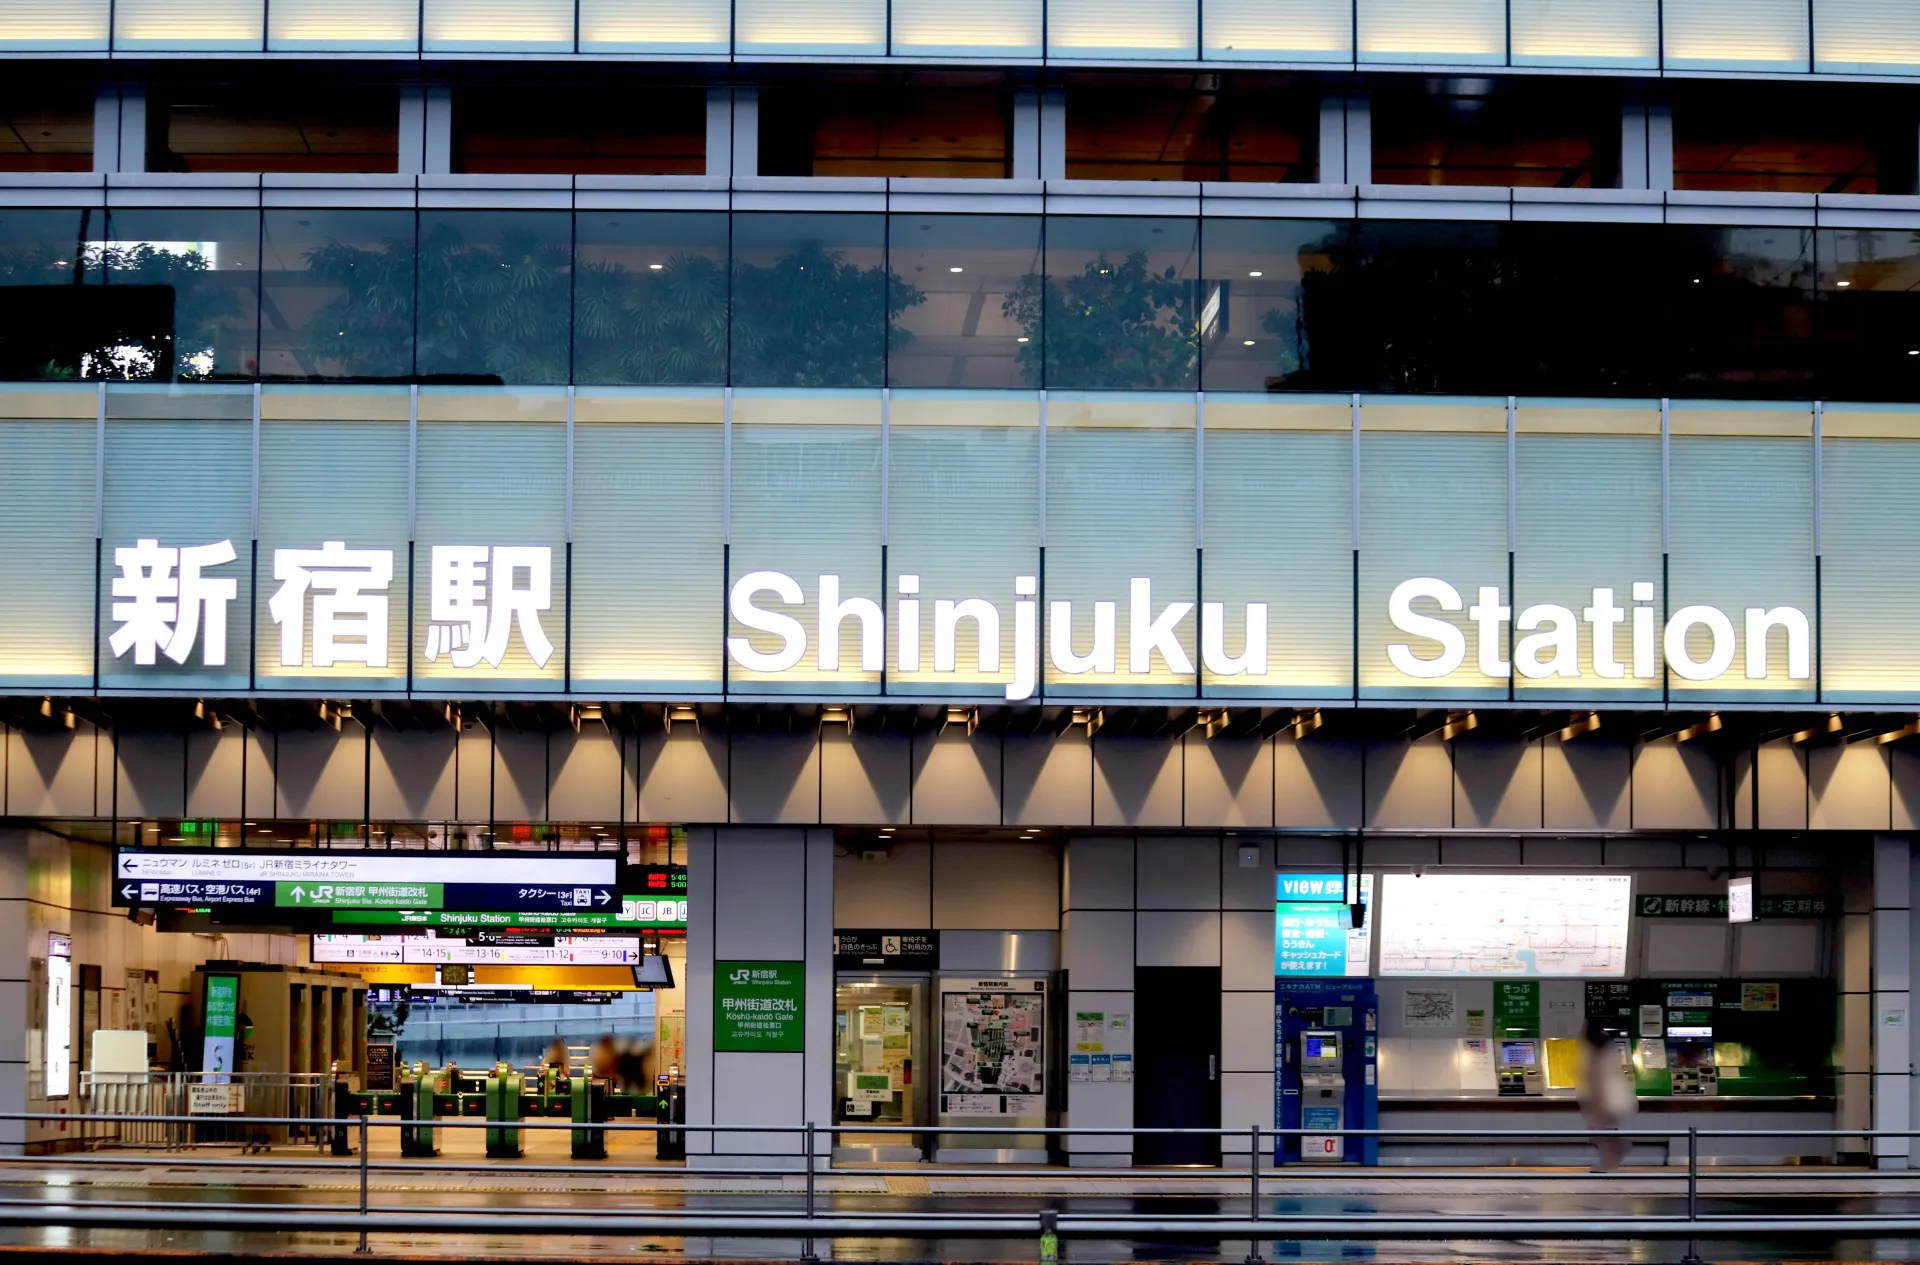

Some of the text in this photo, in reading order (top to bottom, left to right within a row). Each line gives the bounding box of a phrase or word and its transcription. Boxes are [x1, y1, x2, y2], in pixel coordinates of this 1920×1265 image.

[108, 539, 555, 669] 新宿駅
[727, 571, 1811, 700] Shinjuku Station
[141, 858, 188, 867] ニュウマン
[259, 859, 358, 870] JR新宿ミライナタワー
[309, 885, 334, 899] JR
[335, 886, 429, 898] 新宿駅 甲州街道改札
[518, 888, 557, 899] タクシー
[160, 895, 191, 903] Expressway
[204, 896, 221, 904] Airport
[220, 896, 243, 904] Express
[335, 897, 361, 905] Shinjuku
[641, 906, 652, 915] JC
[661, 907, 672, 915] JB
[440, 913, 478, 924] Shinjuku
[480, 913, 511, 924] Station
[901, 943, 934, 951] ご利用の方
[1281, 950, 1341, 959] キャッシュカード
[729, 969, 750, 981] JR
[751, 969, 778, 979] 新宿駅
[1503, 984, 1530, 993] きっぷ
[722, 998, 798, 1011] 甲州街道改札
[775, 1012, 794, 1021] Gate

● **Brief**:
The result should be every entry, word for word, and no pictures.

● **Finished task**:
Some of the text in this photo, in reading order (top to bottom, left to right within a row). Each line gives the bounding box of a phrase or word and its transcription. Boxes are [x1, y1, x2, y2], in pixel coordinates of this 1920×1265 image.

[108, 539, 555, 669] 新宿駅
[727, 571, 1811, 700] Shinjuku Station
[141, 858, 188, 867] ニュウマン
[259, 859, 358, 870] JR新宿ミライナタワー
[309, 885, 334, 899] JR
[335, 886, 429, 898] 新宿駅 甲州街道改札
[518, 888, 557, 899] タクシー
[160, 895, 191, 903] Expressway
[204, 896, 221, 904] Airport
[220, 896, 243, 904] Express
[335, 897, 361, 905] Shinjuku
[641, 906, 652, 915] JC
[661, 907, 672, 915] JB
[440, 913, 478, 924] Shinjuku
[480, 913, 511, 924] Station
[901, 943, 934, 951] ご利用の方
[1281, 950, 1341, 959] キャッシュカード
[729, 969, 750, 981] JR
[751, 969, 778, 979] 新宿駅
[1503, 984, 1530, 993] きっぷ
[722, 998, 798, 1011] 甲州街道改札
[775, 1012, 794, 1021] Gate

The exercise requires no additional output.